*RECORDS FOR THIS EXERCISE*
+--
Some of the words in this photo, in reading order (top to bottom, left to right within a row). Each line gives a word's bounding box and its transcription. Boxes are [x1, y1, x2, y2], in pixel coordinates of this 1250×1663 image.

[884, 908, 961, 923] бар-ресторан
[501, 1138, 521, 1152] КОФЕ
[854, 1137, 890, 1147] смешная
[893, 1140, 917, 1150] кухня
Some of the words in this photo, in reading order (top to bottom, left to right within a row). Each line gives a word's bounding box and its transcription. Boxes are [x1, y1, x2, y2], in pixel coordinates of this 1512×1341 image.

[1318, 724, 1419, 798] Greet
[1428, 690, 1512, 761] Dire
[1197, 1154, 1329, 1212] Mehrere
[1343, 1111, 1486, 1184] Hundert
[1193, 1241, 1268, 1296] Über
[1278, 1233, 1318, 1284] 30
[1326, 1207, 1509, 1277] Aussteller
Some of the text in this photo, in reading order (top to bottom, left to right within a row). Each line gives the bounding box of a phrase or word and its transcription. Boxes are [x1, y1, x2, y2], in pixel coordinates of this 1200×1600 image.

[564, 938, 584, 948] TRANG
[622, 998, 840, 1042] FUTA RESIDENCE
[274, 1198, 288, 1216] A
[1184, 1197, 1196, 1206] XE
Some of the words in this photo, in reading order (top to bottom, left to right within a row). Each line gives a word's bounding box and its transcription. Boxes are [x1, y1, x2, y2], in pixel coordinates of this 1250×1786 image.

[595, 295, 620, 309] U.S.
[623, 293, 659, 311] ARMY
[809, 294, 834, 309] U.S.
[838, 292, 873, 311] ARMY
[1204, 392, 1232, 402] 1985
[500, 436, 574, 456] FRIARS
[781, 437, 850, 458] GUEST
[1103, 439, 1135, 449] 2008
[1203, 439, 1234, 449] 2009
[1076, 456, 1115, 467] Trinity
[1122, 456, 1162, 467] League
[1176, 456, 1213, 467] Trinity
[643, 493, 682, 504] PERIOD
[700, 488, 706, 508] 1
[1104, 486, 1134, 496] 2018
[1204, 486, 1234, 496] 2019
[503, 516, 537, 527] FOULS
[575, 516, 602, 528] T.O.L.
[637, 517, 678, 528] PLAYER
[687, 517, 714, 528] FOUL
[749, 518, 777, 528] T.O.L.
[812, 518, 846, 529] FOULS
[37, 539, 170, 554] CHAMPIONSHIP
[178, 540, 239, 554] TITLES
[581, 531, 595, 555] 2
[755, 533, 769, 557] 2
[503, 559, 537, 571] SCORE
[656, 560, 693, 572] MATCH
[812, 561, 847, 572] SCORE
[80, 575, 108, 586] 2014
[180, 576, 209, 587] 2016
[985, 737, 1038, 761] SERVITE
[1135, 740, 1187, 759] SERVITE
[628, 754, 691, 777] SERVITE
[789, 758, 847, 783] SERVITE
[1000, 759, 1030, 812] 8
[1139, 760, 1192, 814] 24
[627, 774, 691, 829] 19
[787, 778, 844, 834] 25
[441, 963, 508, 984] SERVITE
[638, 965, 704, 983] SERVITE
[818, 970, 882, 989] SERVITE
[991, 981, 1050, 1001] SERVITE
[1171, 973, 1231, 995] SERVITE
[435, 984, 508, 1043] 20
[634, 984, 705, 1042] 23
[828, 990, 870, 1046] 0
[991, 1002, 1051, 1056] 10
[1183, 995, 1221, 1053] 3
+--
Precisely reproduce all the entries shown above.

*TASK ANSWER*
Some of the words in this photo, in reading order (top to bottom, left to right within a row). Each line gives a word's bounding box and its transcription. Boxes are [x1, y1, x2, y2], in pixel coordinates of this 1250×1663 image.

[884, 908, 961, 923] бар-ресторан
[501, 1138, 521, 1152] КОФЕ
[854, 1137, 890, 1147] смешная
[893, 1140, 917, 1150] кухня
Some of the words in this photo, in reading order (top to bottom, left to right within a row). Each line gives a word's bounding box and its transcription. Boxes are [x1, y1, x2, y2], in pixel coordinates of this 1512×1341 image.

[1318, 724, 1419, 798] Greet
[1428, 690, 1512, 761] Dire
[1197, 1154, 1329, 1212] Mehrere
[1343, 1111, 1486, 1184] Hundert
[1193, 1241, 1268, 1296] Über
[1278, 1233, 1318, 1284] 30
[1326, 1207, 1509, 1277] Aussteller
Some of the text in this photo, in reading order (top to bottom, left to right within a row). Each line gives the bounding box of a phrase or word and its transcription. Boxes are [x1, y1, x2, y2], in pixel coordinates of this 1200×1600 image.

[564, 938, 584, 948] TRANG
[622, 998, 840, 1042] FUTA RESIDENCE
[274, 1198, 288, 1216] A
[1184, 1197, 1196, 1206] XE
Some of the words in this photo, in reading order (top to bottom, left to right within a row). Each line gives a word's bounding box and its transcription. Boxes are [x1, y1, x2, y2], in pixel coordinates of this 1250×1786 image.

[595, 295, 620, 309] U.S.
[623, 293, 659, 311] ARMY
[809, 294, 834, 309] U.S.
[838, 292, 873, 311] ARMY
[1204, 392, 1232, 402] 1985
[500, 436, 574, 456] FRIARS
[781, 437, 850, 458] GUEST
[1103, 439, 1135, 449] 2008
[1203, 439, 1234, 449] 2009
[1076, 456, 1115, 467] Trinity
[1122, 456, 1162, 467] League
[1176, 456, 1213, 467] Trinity
[643, 493, 682, 504] PERIOD
[700, 488, 706, 508] 1
[1104, 486, 1134, 496] 2018
[1204, 486, 1234, 496] 2019
[503, 516, 537, 527] FOULS
[575, 516, 602, 528] T.O.L.
[637, 517, 678, 528] PLAYER
[687, 517, 714, 528] FOUL
[749, 518, 777, 528] T.O.L.
[812, 518, 846, 529] FOULS
[37, 539, 170, 554] CHAMPIONSHIP
[178, 540, 239, 554] TITLES
[581, 531, 595, 555] 2
[755, 533, 769, 557] 2
[503, 559, 537, 571] SCORE
[656, 560, 693, 572] MATCH
[812, 561, 847, 572] SCORE
[80, 575, 108, 586] 2014
[180, 576, 209, 587] 2016
[985, 737, 1038, 761] SERVITE
[1135, 740, 1187, 759] SERVITE
[628, 754, 691, 777] SERVITE
[789, 758, 847, 783] SERVITE
[1000, 759, 1030, 812] 8
[1139, 760, 1192, 814] 24
[627, 774, 691, 829] 19
[787, 778, 844, 834] 25
[441, 963, 508, 984] SERVITE
[638, 965, 704, 983] SERVITE
[818, 970, 882, 989] SERVITE
[991, 981, 1050, 1001] SERVITE
[1171, 973, 1231, 995] SERVITE
[435, 984, 508, 1043] 20
[634, 984, 705, 1042] 23
[828, 990, 870, 1046] 0
[991, 1002, 1051, 1056] 10
[1183, 995, 1221, 1053] 3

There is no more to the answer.